Deans.Dilemma <- read.csv(file="Deans Dilemma.csv", header=TRUE, sep=",")
View(Deans.Dilemma)
Use R to create a table showing the average salary of males and females, who were placed. Review whether there is a gender gap in the data. In other words, observe whether the average salaries of males is higher than the average salaries of females in this dataset.
placed <- Deans.Dilemma[ which(Deans.Dilemma$Placement_B == 1), ]
View(placed)
aggregate(placed$Salary~placed$Gender,data=placed,FUN = mean)
placed$Gender placed$Salary
1 F 253068.0
2 M 284241.9
Use R to run a t-test to test the following hypothesis: H1: The average salary of the male MBAs is higher than the average salary of female MBAs.
t.test(placed$Salary~placed$Gender,data=placed)
Welch Two Sample t-test
data: placed$Salary by placed$Gender
t = -3.0757, df = 243.03, p-value = 0.00234
alternative hypothesis: true difference in means is not equal to 0
95 percent confidence interval:
-51138.42 -11209.22
sample estimates:
mean in group F mean in group M
253068.0 284241.9
List of questions based on “A Dean’s Dilemma: Selection of Students for the MBA Program”

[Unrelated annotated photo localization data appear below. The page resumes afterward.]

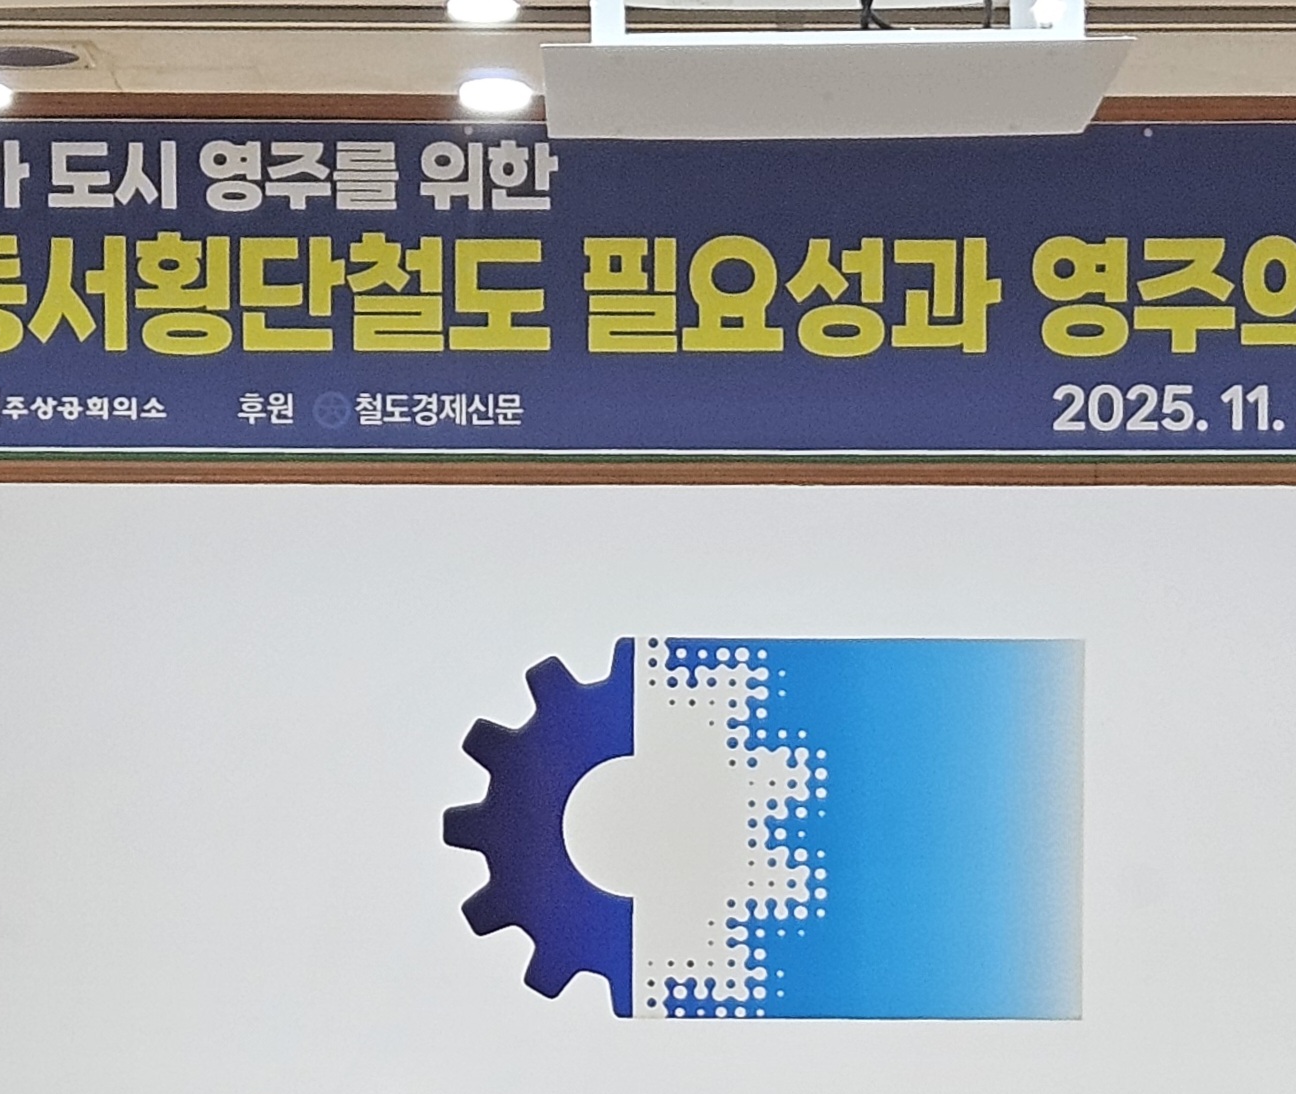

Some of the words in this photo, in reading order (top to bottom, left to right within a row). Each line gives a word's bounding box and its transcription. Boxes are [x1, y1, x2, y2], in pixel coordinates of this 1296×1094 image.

[48, 141, 179, 211] 도시
[200, 141, 401, 213] 영주를
[420, 140, 559, 212] 위한
[584, 234, 1003, 358] 필요성과
[237, 393, 295, 426] 후원
[355, 393, 526, 427] 철도경제신문
[1053, 384, 1210, 433] 2025.
[1221, 385, 1286, 433] 11.
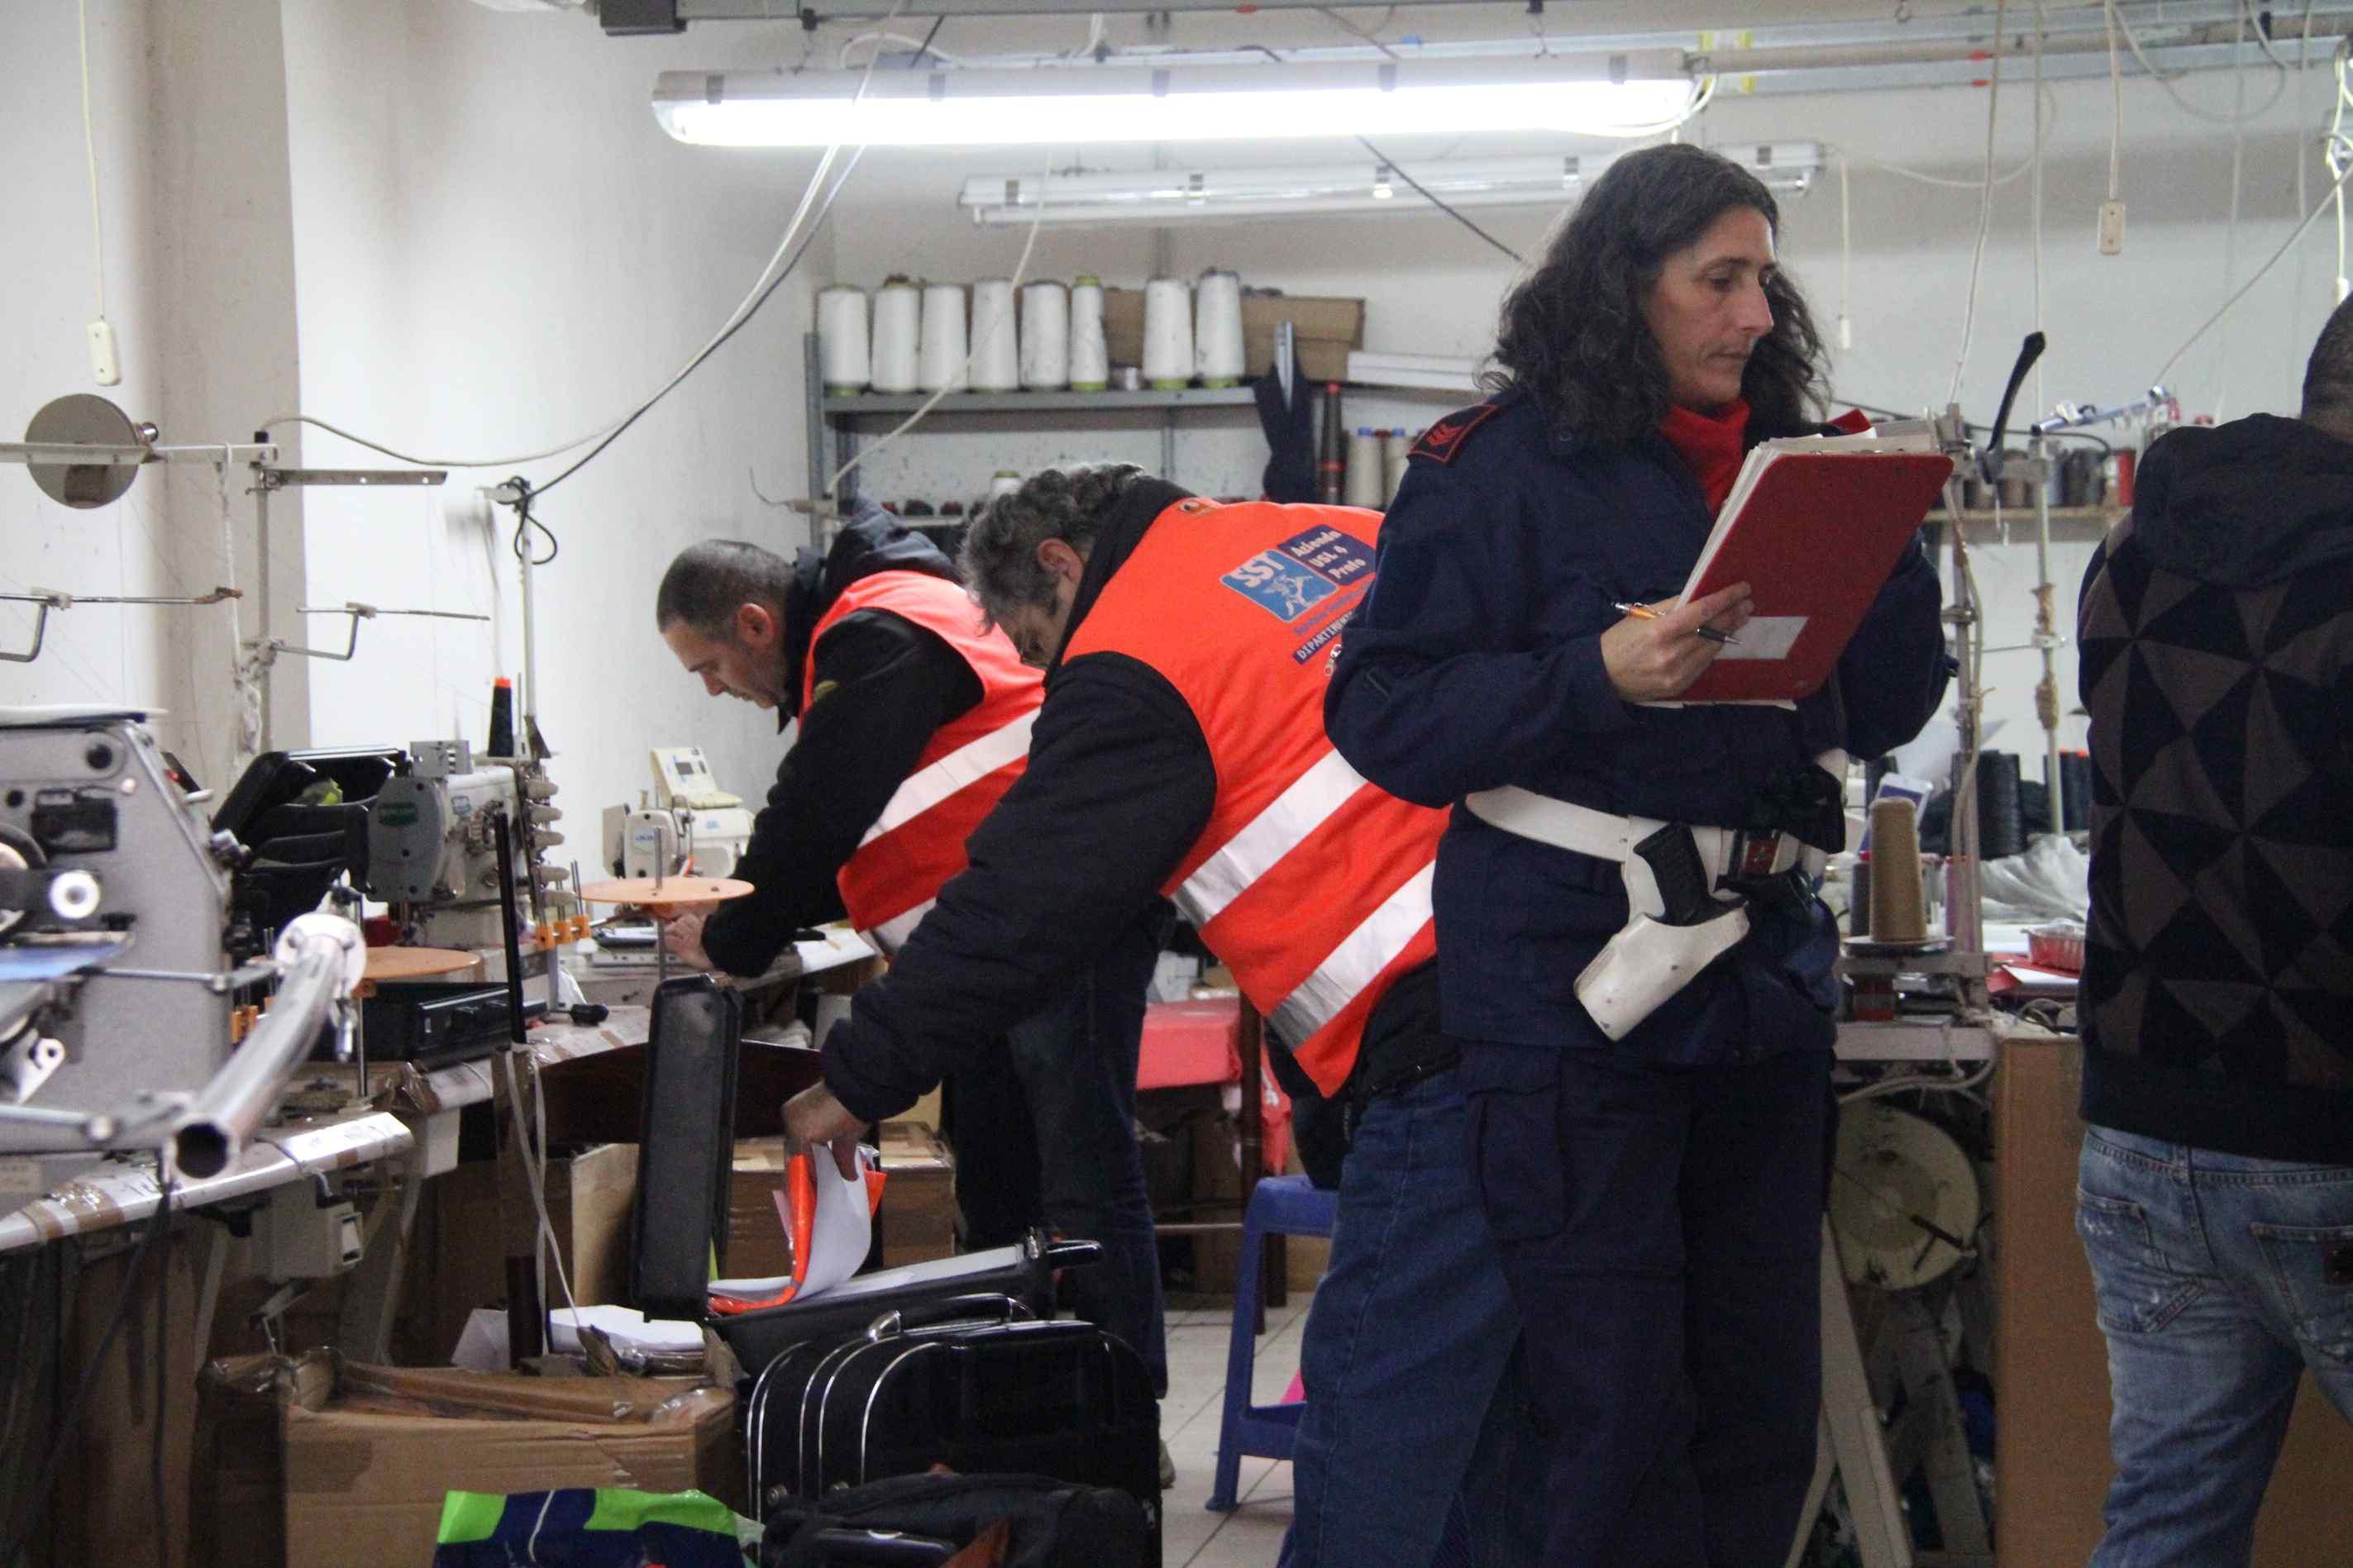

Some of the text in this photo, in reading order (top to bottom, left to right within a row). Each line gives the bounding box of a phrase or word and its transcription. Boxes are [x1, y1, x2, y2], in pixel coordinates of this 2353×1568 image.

[1291, 530, 1342, 557] Azienda
[1308, 545, 1349, 568] USL 4
[1328, 558, 1367, 579] Prato
[1296, 610, 1354, 660] DIPARTIMENT

1)Submit your R code that creates a table showing the mean salary of males and females, who were placed
aggregate(placed$Salary~placed$Gender,data=placed,FUN = mean)
placed$Gender placed$Salary
1 F 253068.0
2 M 284241.9
2.What is the average salary of male MBAs who were placed?
284241.9
3.What is the average salary of female MBAs who were placed?
253068.0
4.Submit R code to run a t-test for the Hypothesis “The average salary of the male MBAs is higher than the average salary of female MBAs.”
t.test(placed$Salary~placed$Gender,data=placed)
Welch Two Sample t-test
data: placed$Salary by placed$Gender
t = -3.0757, df = 243.03, p-value = 0.00234
alternative hypothesis: true difference in means is not equal to 0
95 percent confidence interval:
-51138.42 -11209.22
sample estimates:
mean in group F mean in group M
253068.0 284241.9
5.What is the p-value based on the t-test?
p-value = 0.00234
6.Please interpret the meaning of the t-test, as applied to the average salaries of male and female MBAs.
The null hypothesis is rejected since the p-value < 0.05. Therefore, it is true that the average salary of male MBA’s is higher than the average salary of female MBA’s.